Phrase grounding data:
===

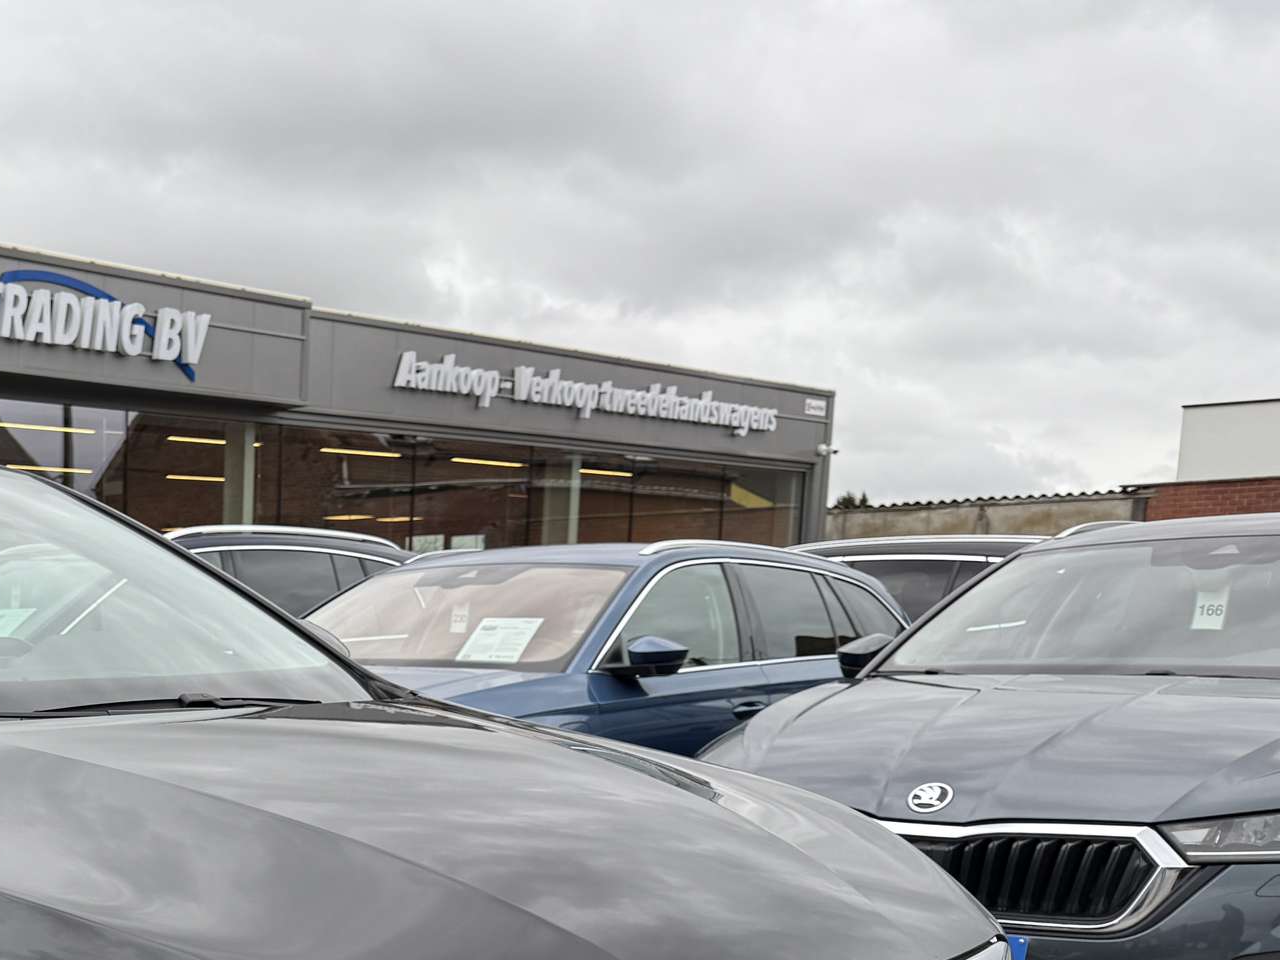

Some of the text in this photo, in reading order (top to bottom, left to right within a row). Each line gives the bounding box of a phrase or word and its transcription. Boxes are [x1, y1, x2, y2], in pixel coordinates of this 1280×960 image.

[152, 307, 211, 364] BV
[393, 351, 500, 407] Aankoop
[514, 366, 599, 418] Verkoop
[600, 380, 778, 437] tweedehandswagens
[1198, 603, 1224, 617] 166
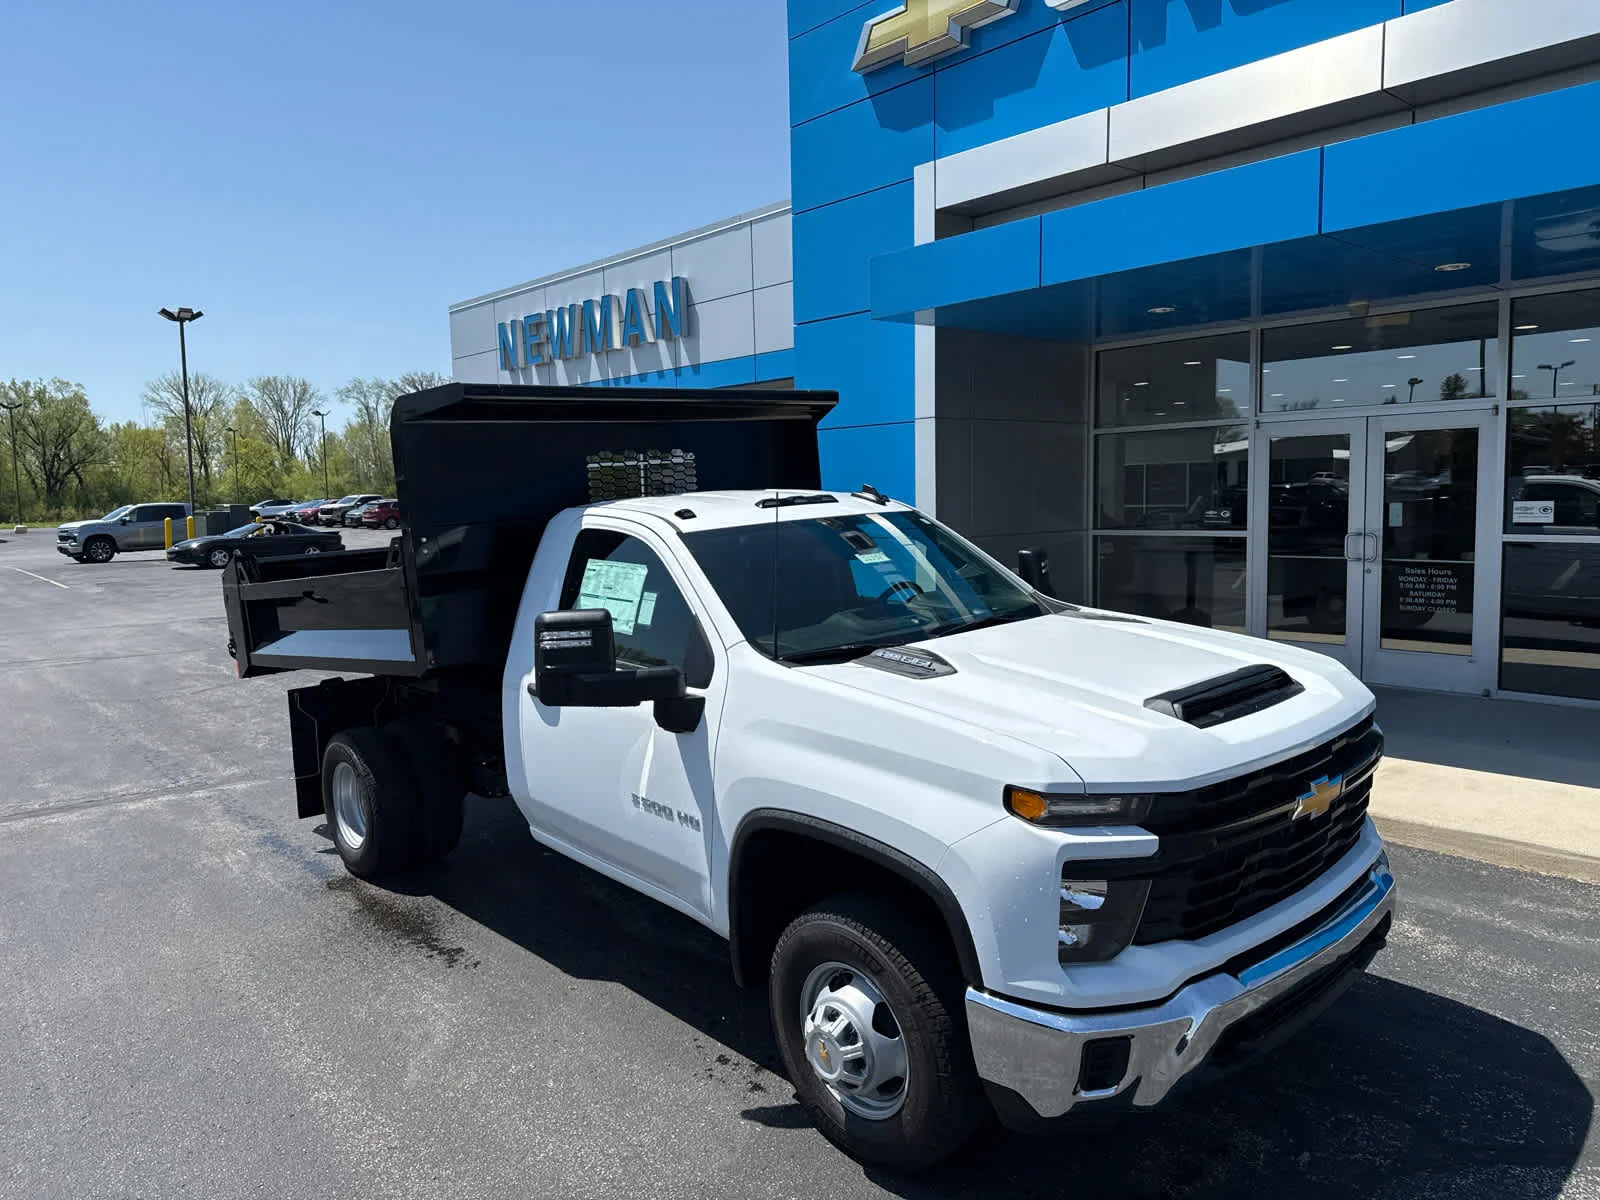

===

◆ **Directions for this task**: The response should repeat every entry above exactly and include none of the pictures.

◆ **Solution for this exercise**:
Some of the text in this photo, in reading order (top to bottom, left to right within a row). Each line gives the bounding box of a phrase or word and its transcription. Boxes are [x1, y1, x2, y2], in pixel coordinates of this 1280×960 image.

[152, 307, 211, 364] BV
[393, 351, 500, 407] Aankoop
[514, 366, 599, 418] Verkoop
[600, 380, 778, 437] tweedehandswagens
[1198, 603, 1224, 617] 166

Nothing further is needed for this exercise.